Macarena García, LyD economist, also provides her vision. The first thing you maintain is that the upward correction of GDP “is marginal and will not substantially change the economic situation.” For García, what she is concerned about is that “the slowdown in GDP towards 2028 is more pronounced than in the previous report, which shows that our trend growth is very weakened. The authority mentions that in 2028 a trend GDP of 2.1% will be reached, which seems optimistic when compared to the Central Bank’s estimate of a trend GDP of approximately 1.5% for 2033. If the Central Bank’s projections are met , our economic stagnation will last at least another decade.”

Víctor Martínez, executive director of the Business and Society Research Center, mentions that “the current projections align with the GDP growth ranges that experts anticipate. It is estimated that long-term growth should stabilize around 2%. In this context, the Chilean economy is expected to approach this level during the period 2024-2028.”

“As there is greater dynamism, greater growth in economic activity for 2024, it follows that, for the following years, that is, 2025 onwards, they face higher comparison bases, because this year we will end at a higher level.” . Thus, the logical thing is that the growth figures for these coming years should be corrected downwards. Furthermore, it is a completely normal adjustment, given that there has not been a permanent change, let’s say, in the economy’s capacity for growth,” points out Rodrigo Montero, dean of the Faculty of Administration and Business of the Autonomous University.

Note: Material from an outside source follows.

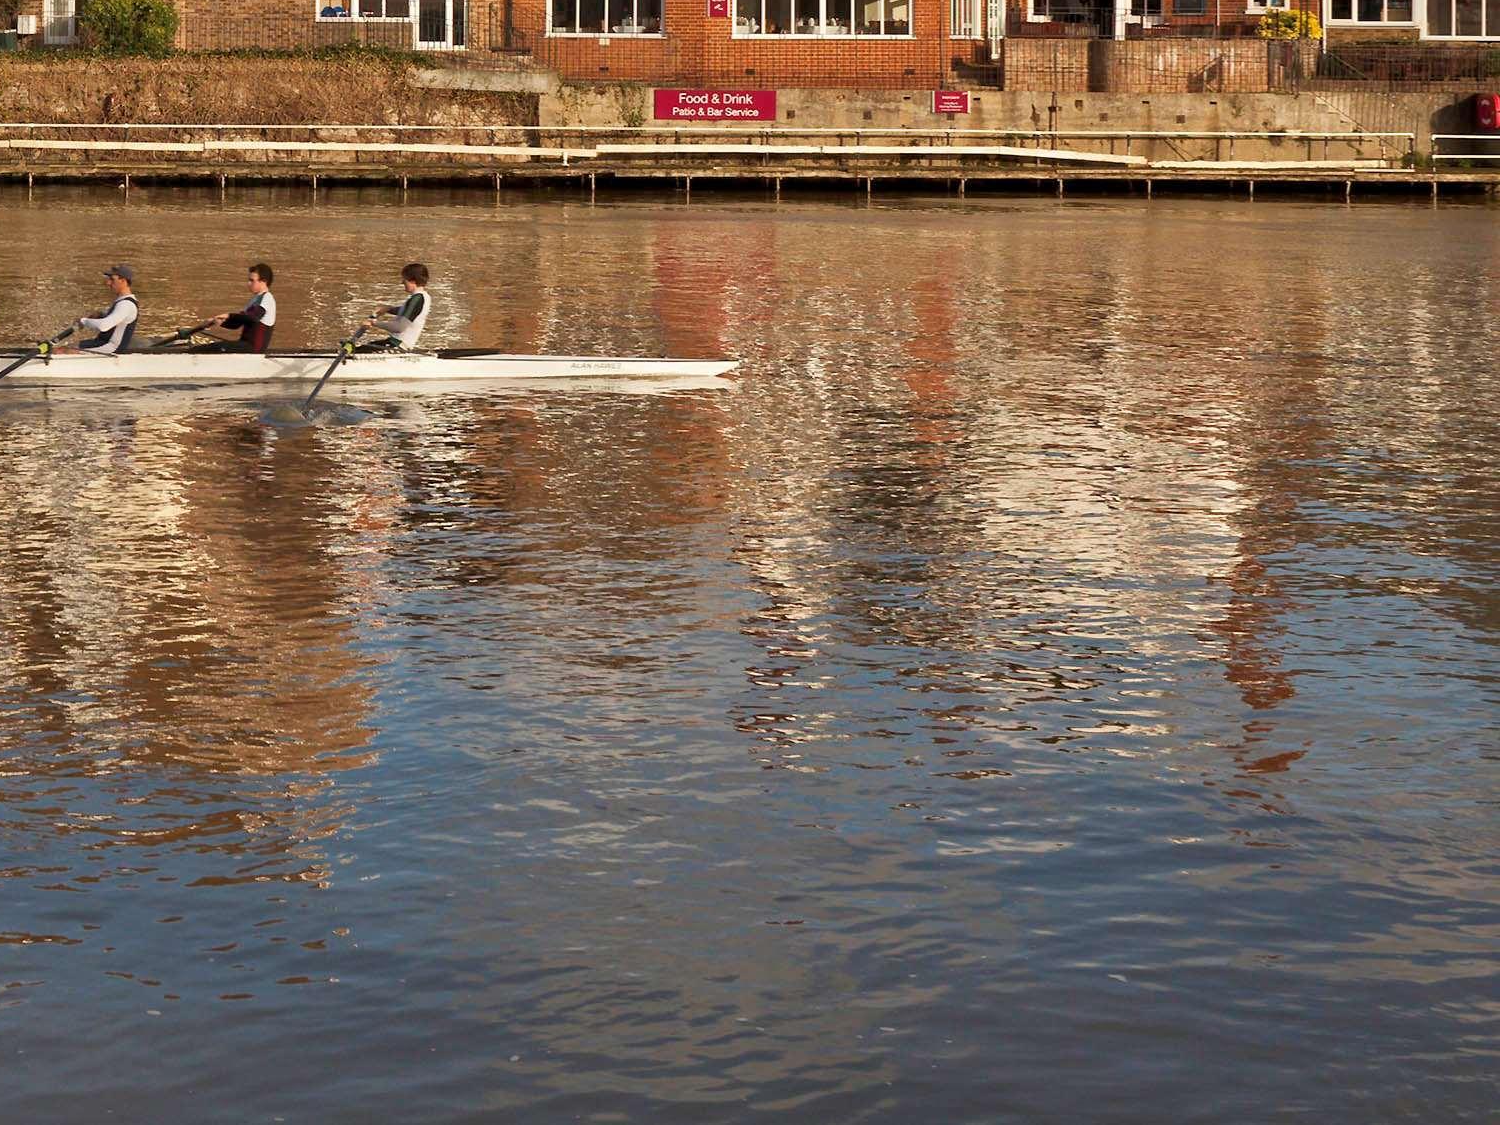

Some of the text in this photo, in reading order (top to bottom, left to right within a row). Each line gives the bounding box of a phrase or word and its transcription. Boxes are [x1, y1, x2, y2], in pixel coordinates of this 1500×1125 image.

[678, 92, 753, 105] Food & Drink
[672, 106, 760, 117] Patio & Bar Service

December 19, 2023 The Minister of Finance, Mario Marcel and the Budget Director, Javiera Martinez, in a Senate committee looking at readjustment to the public sector. Photo: Dedvi Missene

Cristina Torres, former Budget Director and current academic at the Center for Public Policies of the Faculty of Economics and Government of the San Sebastián University, focuses on the upward adjustment of the price of copper: “The criterion that should prevail is to be conservative in the estimates. What is relevant in the case of an improvement in the price of copper is that, by methodology, it is only possible to consider within the expenditure that which is permanent, isolating it from the cycle.”

In any case, he says that “the effect of the price of copper on the expense margin will depend on the difference between the effective price and the long-term price, so a better price, per se, does not give a greater margin for spend more. Although it does reduce financing needs through debt or use of assets.”